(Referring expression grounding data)
━━━━━━━━
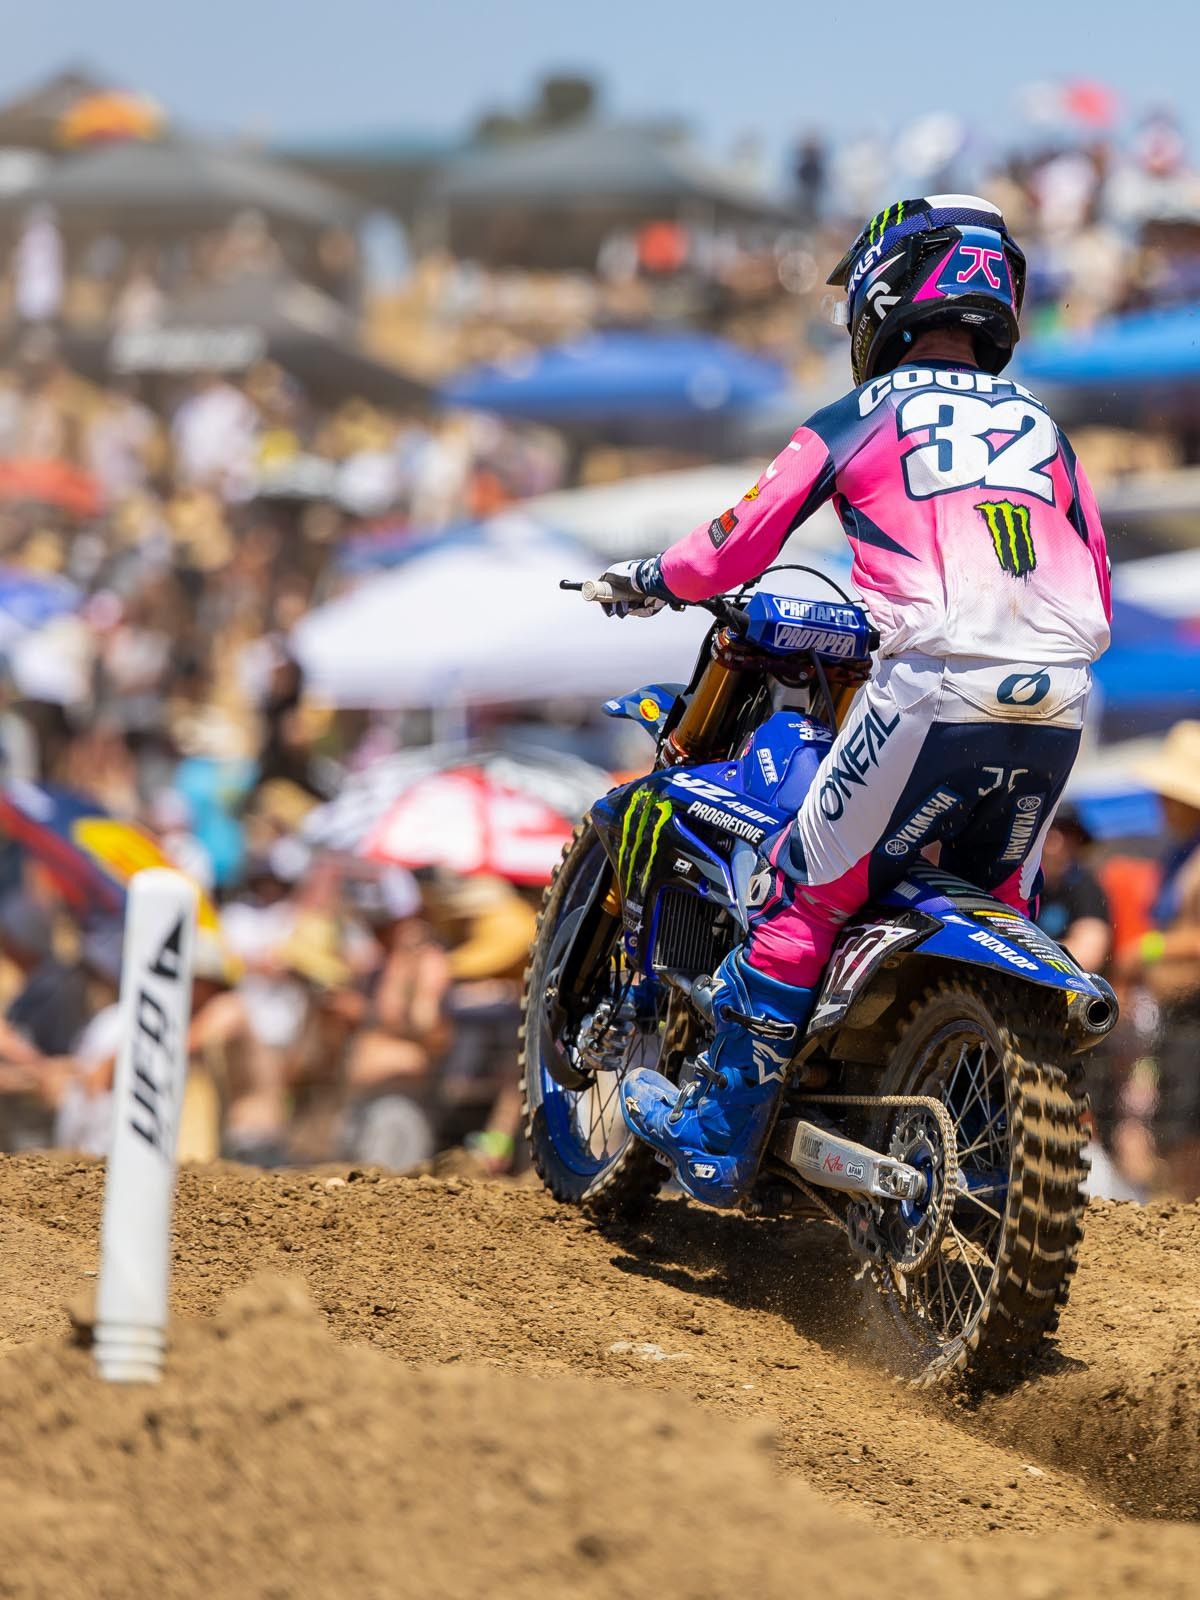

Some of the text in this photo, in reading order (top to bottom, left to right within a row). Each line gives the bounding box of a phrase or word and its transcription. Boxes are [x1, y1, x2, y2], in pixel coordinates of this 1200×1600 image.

[901, 391, 1058, 502] 32
[780, 600, 855, 626] PROTAPER
[777, 625, 854, 657] PROTAPER
[799, 727, 833, 743] 32
[687, 800, 766, 844] PROGRESSIVE
[896, 791, 957, 843] YAMAHA
[1001, 810, 1038, 861] YAMAHA
[968, 930, 1040, 971] DUNLOP
[823, 1151, 844, 1173] Kite
[848, 1166, 862, 1175] AFAM
━━━━━━━━
> [What is needed]: Reproduce the data above in full, exactly, with the images removed.

> [Reply to the exercise]:
Some of the text in this photo, in reading order (top to bottom, left to right within a row). Each line gives the bounding box of a phrase or word and its transcription. Boxes are [x1, y1, x2, y2], in pixel coordinates of this 1200×1600 image.

[901, 391, 1058, 502] 32
[780, 600, 855, 626] PROTAPER
[777, 625, 854, 657] PROTAPER
[799, 727, 833, 743] 32
[687, 800, 766, 844] PROGRESSIVE
[896, 791, 957, 843] YAMAHA
[1001, 810, 1038, 861] YAMAHA
[968, 930, 1040, 971] DUNLOP
[823, 1151, 844, 1173] Kite
[848, 1166, 862, 1175] AFAM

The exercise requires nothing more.